School of Public Health, Curtin University, Perth, WA, Australia.
School of Public Health, Curtin University, Perth, WA, Australia.
Women Birth. 2019 Jun;32(3):e427-e431. doi: 10.1016/j.wombi.2018.08.171. Epub 2018 Sep 6.
Gestational diabetes mellitus (GDM) can lead to adverse birth outcomes, but its effect on postnatal depression has not been thoroughly investigated, especially in Asian populations.
To determine the prospective association between GDM and postnatal depressive symptoms in Western China.

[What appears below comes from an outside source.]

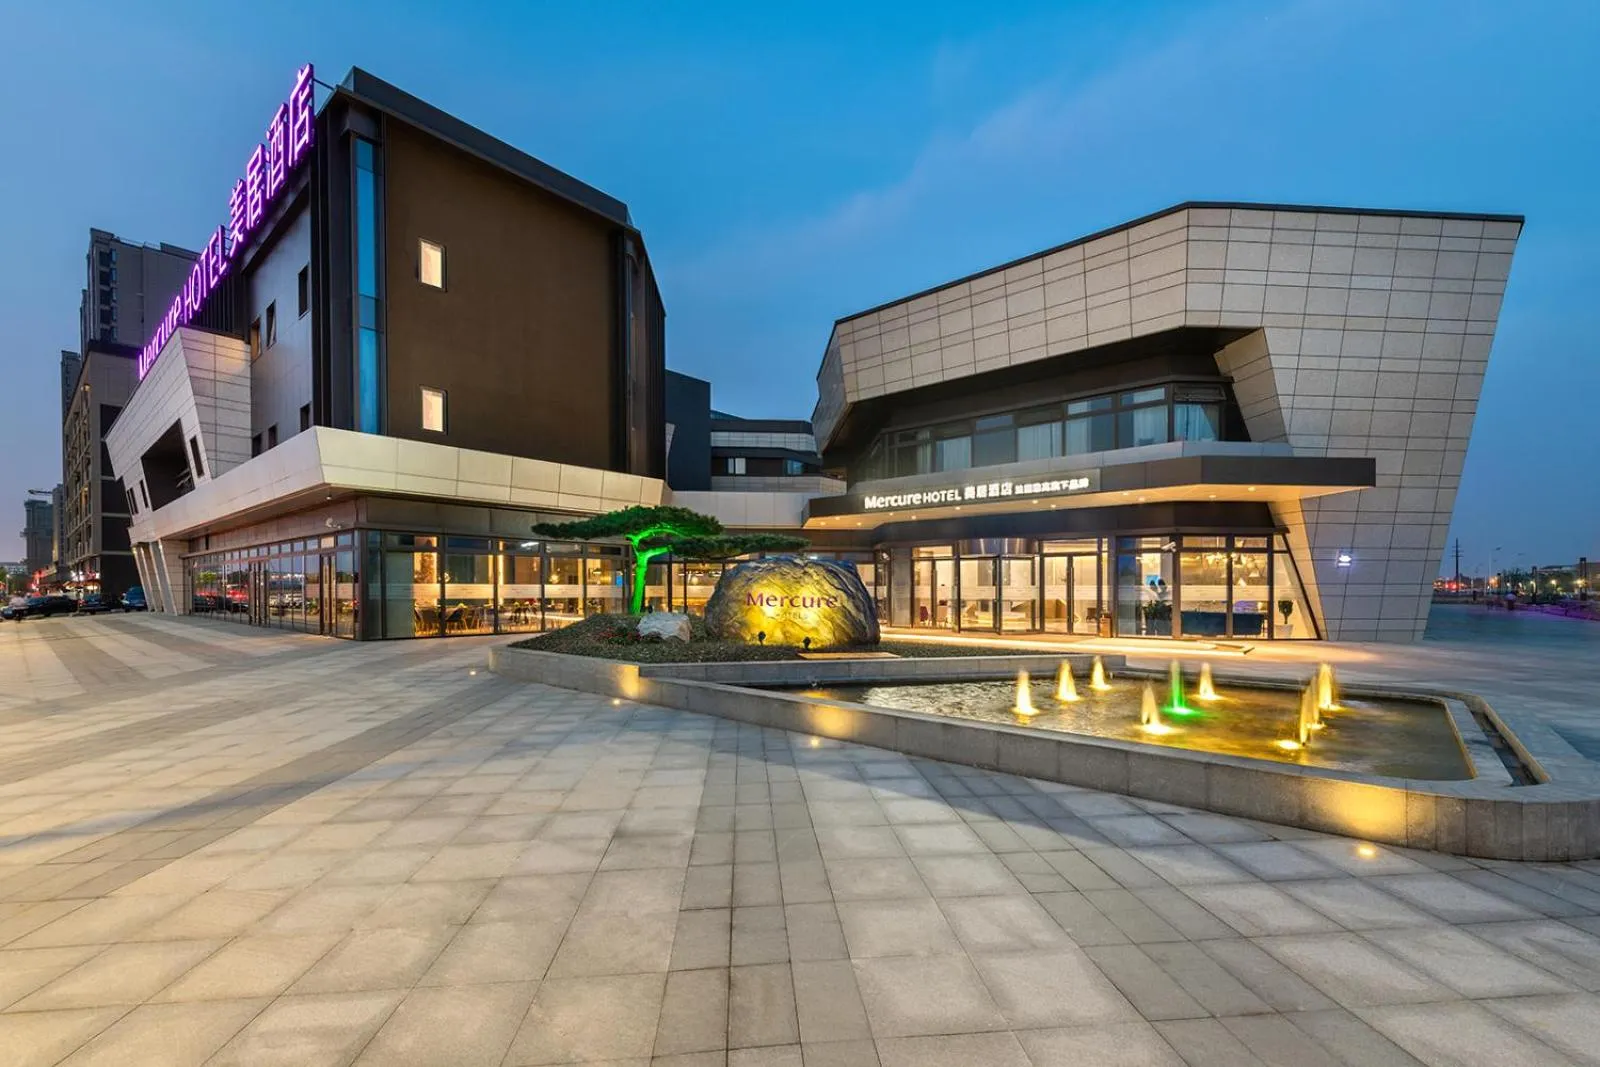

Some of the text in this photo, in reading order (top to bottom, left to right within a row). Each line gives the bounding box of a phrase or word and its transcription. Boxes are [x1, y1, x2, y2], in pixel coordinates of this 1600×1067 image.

A prospective cohort study of 1449 mothers was conducted in Chengdu, capital city of Sichuan Province. GDM was diagnosed during pregnancy using oral glucose tolerance tests. Maternal depressive symptoms were measured at 32-37weeks of gestation, then at one and three months after giving birth using a validated Chinese version of the Edinburgh Postnatal Depression Scale (EPDS). Associations between the postnatal EPDS scores, GDM status and blood glucose levels were assessed by multivariable mixed-effects regression models, accounting for baseline EPDS scores of the cohort and other confounding factors.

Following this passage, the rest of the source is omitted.